Ages 13 and older $50, $47.85, $39.28; ages 12 and younger $50, $42.45, $34.95

448-0588 or 1-800-905-4228

Because musicals, by their nature, attract attention for their scores, we sometimes forget how strong the plays lines between the songs can be.

``Sunset Boulevard,'' Andrew Lloyd Webber's powerhouse adaptation of Billy Wilder's 1950 film, is a case in point. Love him or hate him (and there seems to be very little in-between when it comes to the creator of ``Cats'' and ``Phantom of the Opera''), there's no denying Webber has captured audiences' ears over the decades.

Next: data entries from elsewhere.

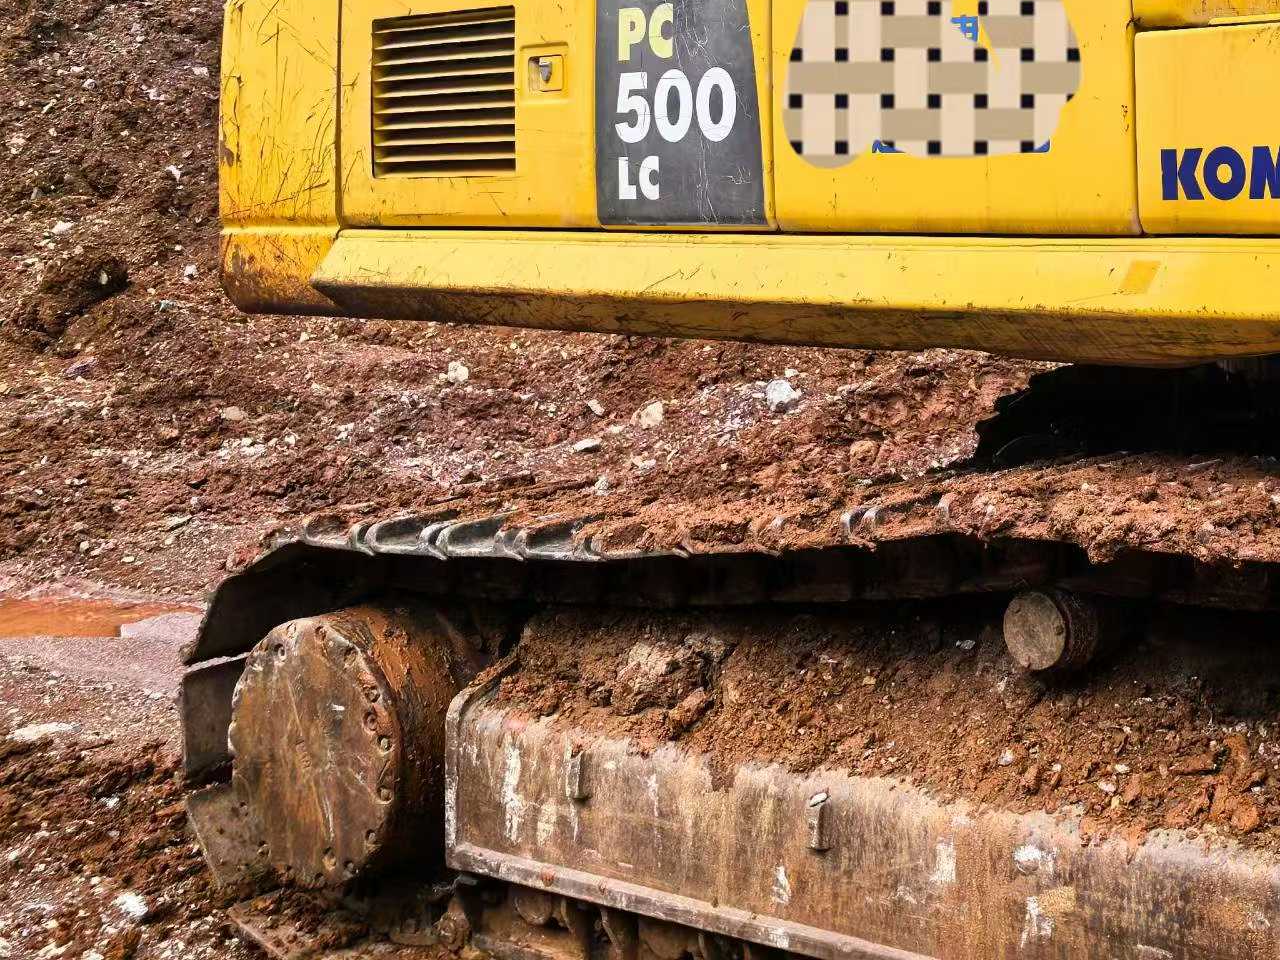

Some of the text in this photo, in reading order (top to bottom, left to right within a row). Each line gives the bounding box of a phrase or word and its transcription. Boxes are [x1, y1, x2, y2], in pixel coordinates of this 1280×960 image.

[617, 2, 674, 62] PC
[614, 66, 737, 144] 500
[618, 155, 660, 201] LC
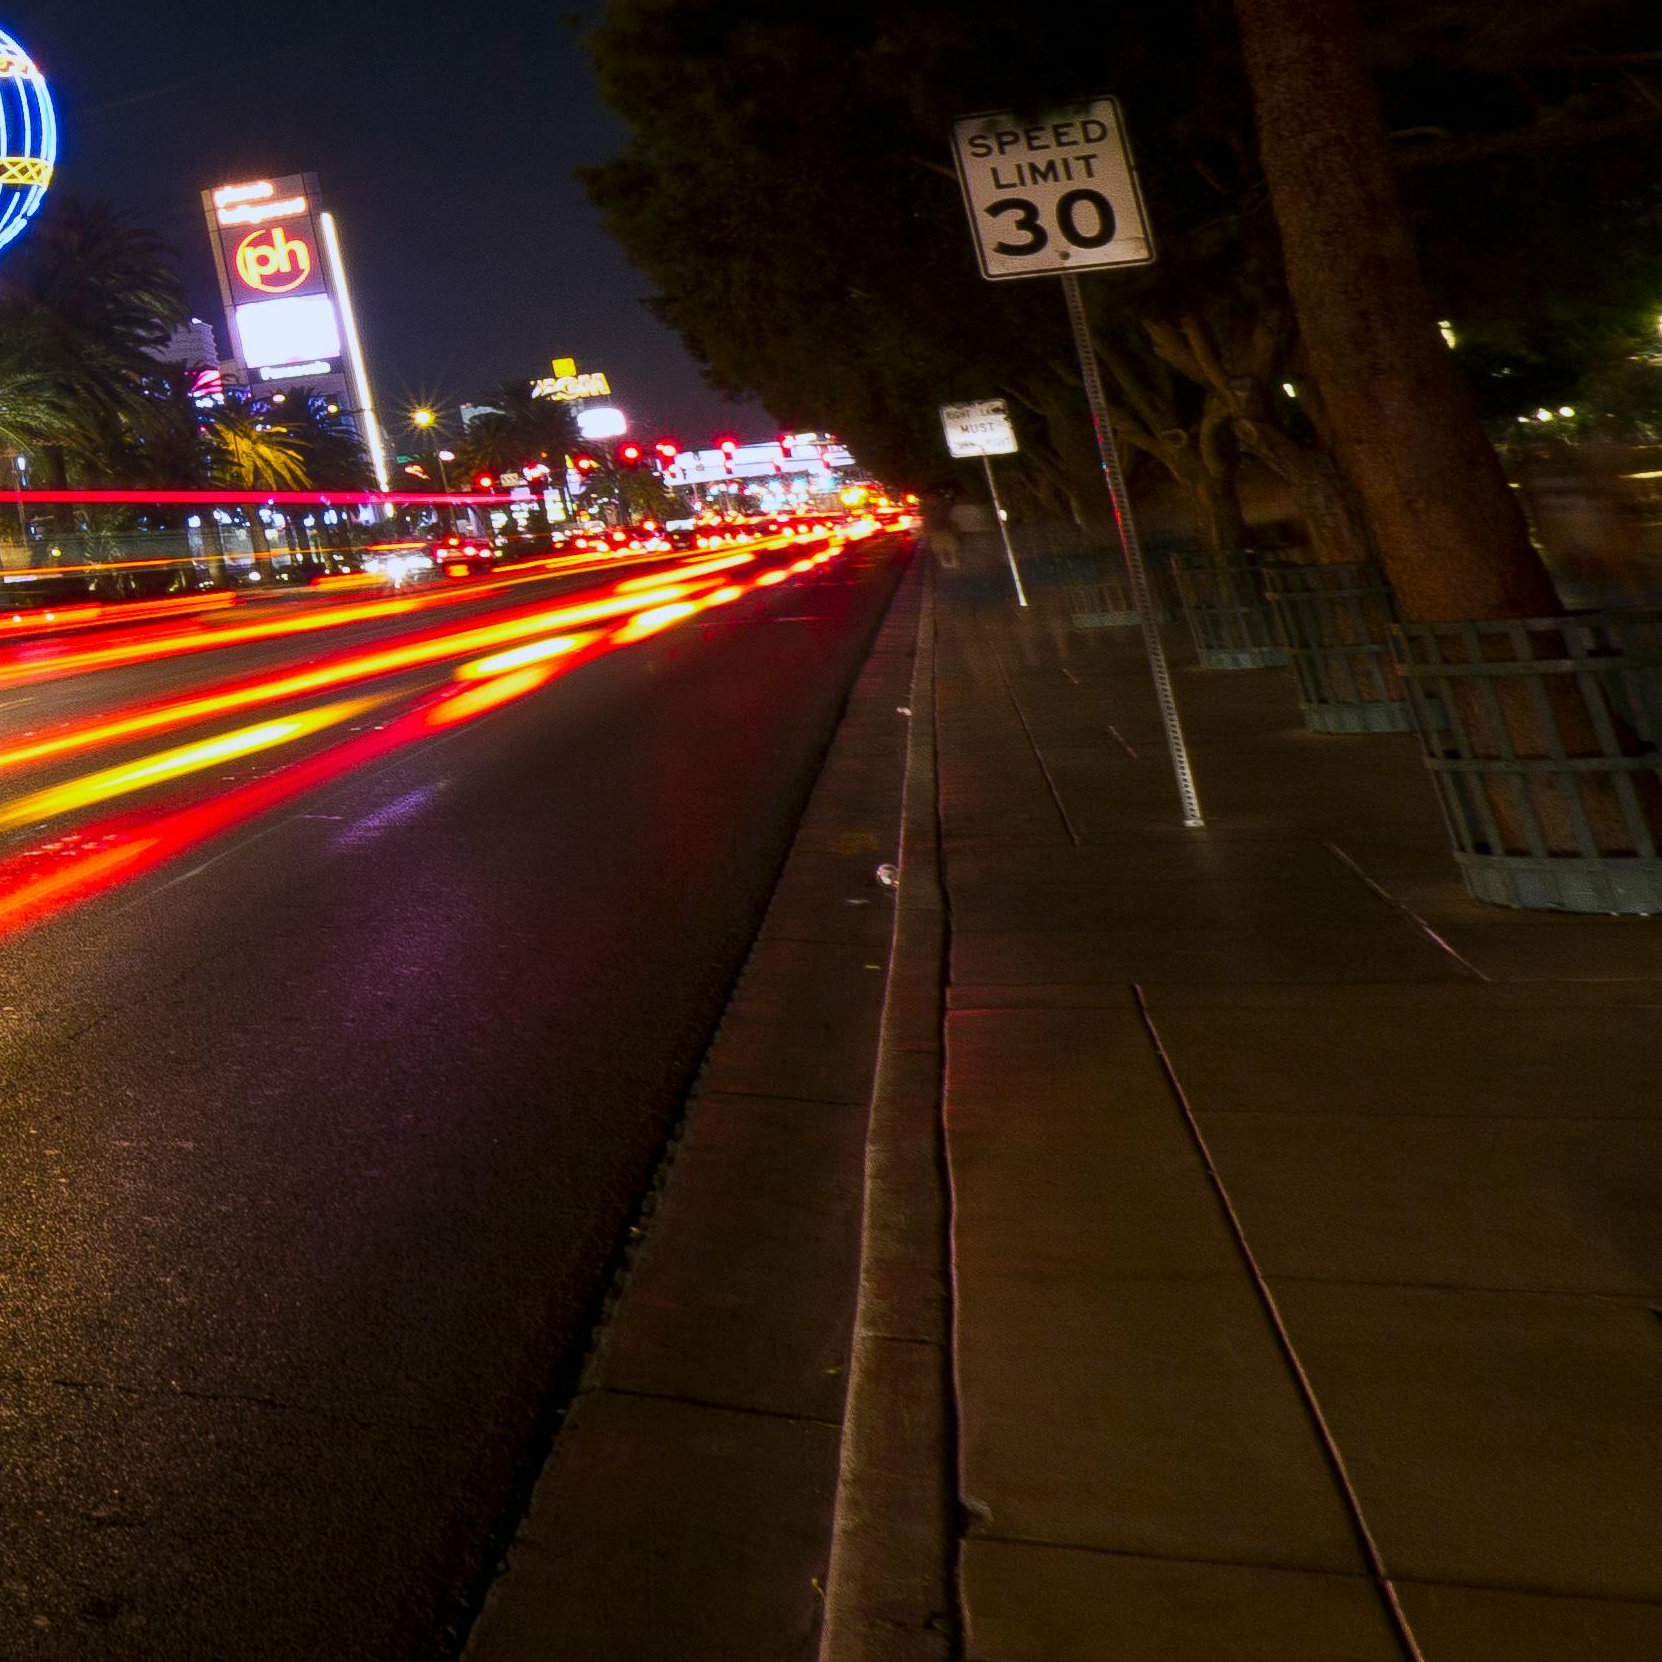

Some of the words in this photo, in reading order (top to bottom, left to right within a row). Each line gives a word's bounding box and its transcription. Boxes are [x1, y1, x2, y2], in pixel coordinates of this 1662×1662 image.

[966, 119, 1109, 158] SPEED
[990, 154, 1099, 190] LIMIT
[983, 188, 1117, 257] 30
[959, 421, 995, 434] MUST
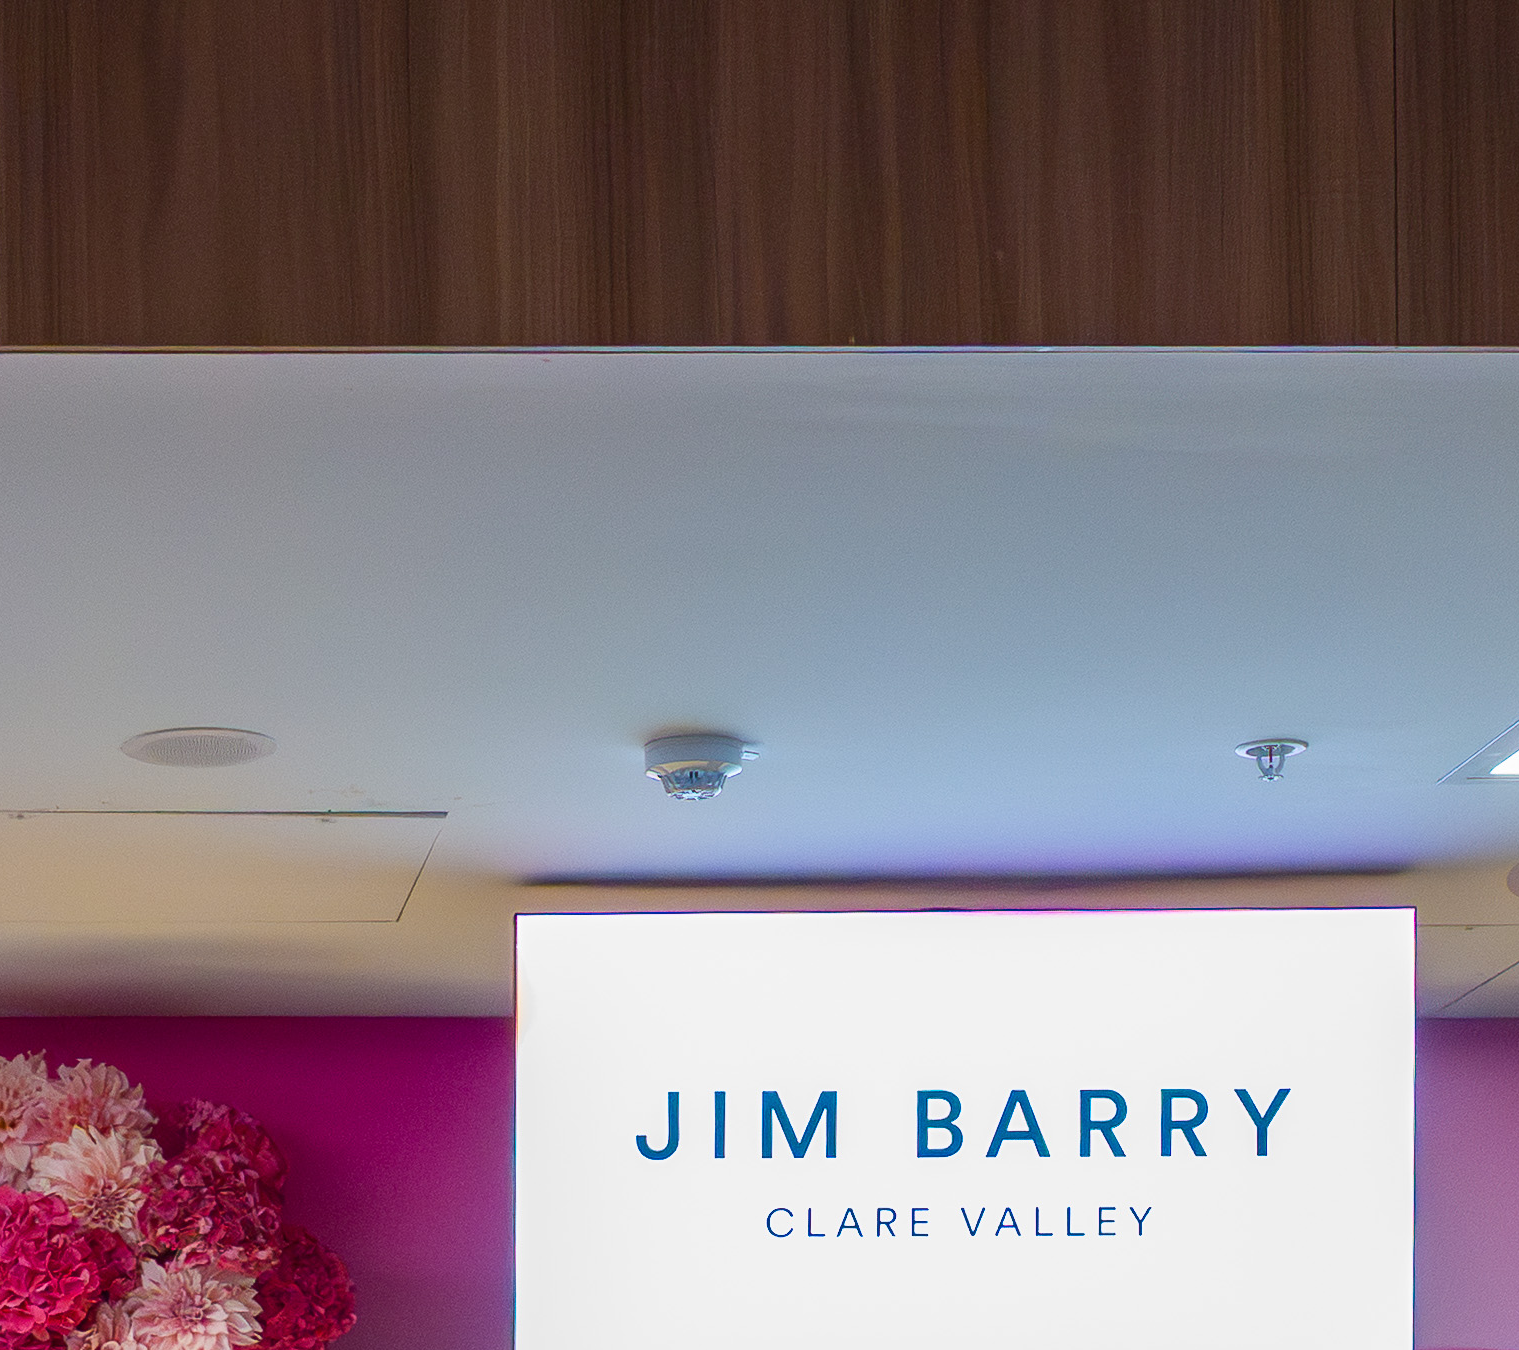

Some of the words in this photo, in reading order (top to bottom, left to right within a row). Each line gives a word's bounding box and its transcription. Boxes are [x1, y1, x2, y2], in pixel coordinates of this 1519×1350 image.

This show, which opened Tuesday at The Palace Theater in Myrtle Beach, captures their hearts and souls, and grips and torments and accuses them. With a script and lyrics by Don Black (``Aspects of Love'') and Christopher Hampton (``Dangerous Liaisons,'' ``Art''), it examines not just the mad illusion of fame and the devastation that it can cause, but the nature of how we perceive and create the realities that sustain and destroy us.

The current national tour, directed with reserve and intelligence by Susan H. Schulman, stars actress/singer Petula Clark, and her amazing performance is the key to illuminating the deceptively simple truths underlying this complex show.

Long known as a pop singer in America, Clark has built her career around the world as a player of substance, earning accolades for her stage and film work as well as her recordings. She is a star of uncommon stature, and her interpretation of Norma Desmond, the delusional silent-film star obsessed with making a return to the film business, is a study in filling downstage center with dynamite and detonating it.

Most know the plot here: Desmond hires an out-of-work screenwriter, Joe Gillis, to edit a screenplay she has written for her comeback. Forgotten with the advent of ``talking pictures,'' Desmond lives a solitary, increasingly bizarre life in a crumbling mansion with her butler, Max, and quickly sucks Gillis into her rickety dreams of reclaimed stardom.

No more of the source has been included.